Groundwater flow can be visualized using a scale model built of acrylic and filled with sand, silt, and clay. Water and tracer dye may be pumped through this system to represent the flow of the simulated groundwater. Some physical aquifer models are between two and three dimensions, with simplified boundary conditions simulated using pumps and barriers.

=== Process analogs ===

Process analogs are used in hydrology to represent fluid flow using the similarity between Darcy's law, Ohm's law, Fourier's law, and Fick's law. The analogs to fluid flow are the flux of electricity, heat, and solutes, respectively. The corresponding analogs to fluid potential are voltage, temperature, and solute concentration (or chemical potential). The analogs to hydraulic conductivity are electrical conductivity, thermal conductivity, and the solute diffusion coefficient.

An early process analog model was an electrical network model of an aquifer composed of resistors in a grid. Voltages were assigned along the outer boundary, and then measured within the domain. Electrical conductivity paper can also be used instead of resistors.

== Statistical models ==

Statistical models are a type of mathematical model that are commonly used in hydrology to describe data, as well as relationships between data. Using statistical methods, hydrologists develop empirical relationships between observed variables, find trends in historical data, or forecast probable storm or drought events.

=== Moments ===
Statistical moments (e.g., mean, standard deviation, skewness, kurtosis) are used to describe the information content of data. These moments can then be used to determine an appropriate frequency distribution, which can then be used as a probability model. Two common techniques include L-moment ratios and Moment-Ratio Diagrams.

The frequency of extremal events, such as severe droughts and storms, often requires the use of distributions that focus on the tail of the distribution, rather than the data nearest the mean. These techniques, collectively known as extreme value analysis, provide a methodology for identifying the likelihood and uncertainty of extreme events. Examples of extreme value distributions include the Gumbel, Pearson, and generalized extreme value. The standard method for determining peak discharge uses the log-Pearson Type III (log-gamma) distribution and observed annual flow peaks.
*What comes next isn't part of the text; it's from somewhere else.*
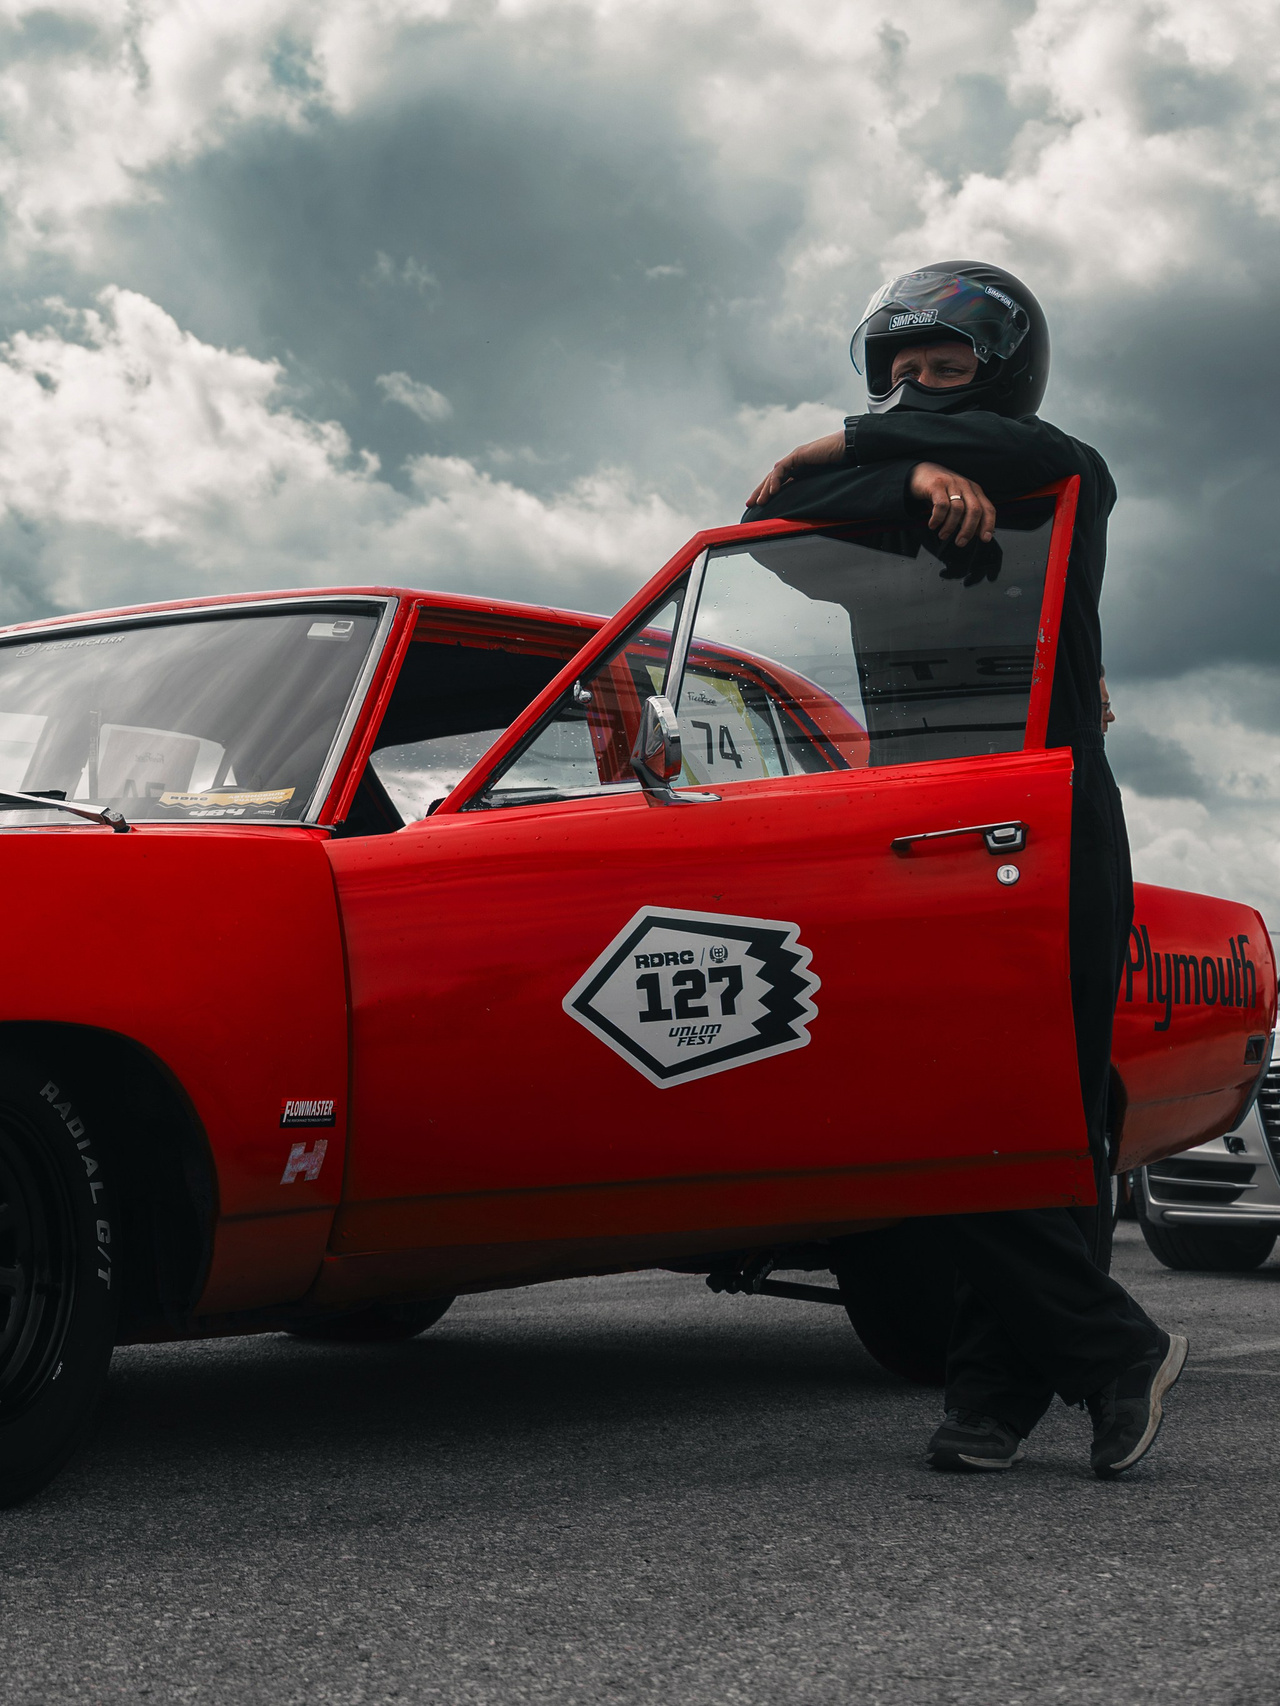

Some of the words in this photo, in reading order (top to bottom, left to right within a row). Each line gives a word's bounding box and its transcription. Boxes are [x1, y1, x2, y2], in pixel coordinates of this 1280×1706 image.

=== Correlation analysis ===

The degree and nature of correlation may be quantified, by using a method such as the Pearson correlation coefficient, autocorrelation, or the T-test. The degree of randomness or uncertainty in the model may also be estimated using stochastics, or residual analysis. These techniques may be used in the identification of flood dynamics, storm characterization, and groundwater flow in karst systems.

Regression analysis is used in hydrology to determine whether a relationship may exist between independent and dependent variables. Bivariate diagrams are the most commonly used statistical regression model in the physical sciences, but there are a variety of models available from simplistic to complex. In a bivariate diagram, a linear or higher-order model may be fitted to the data.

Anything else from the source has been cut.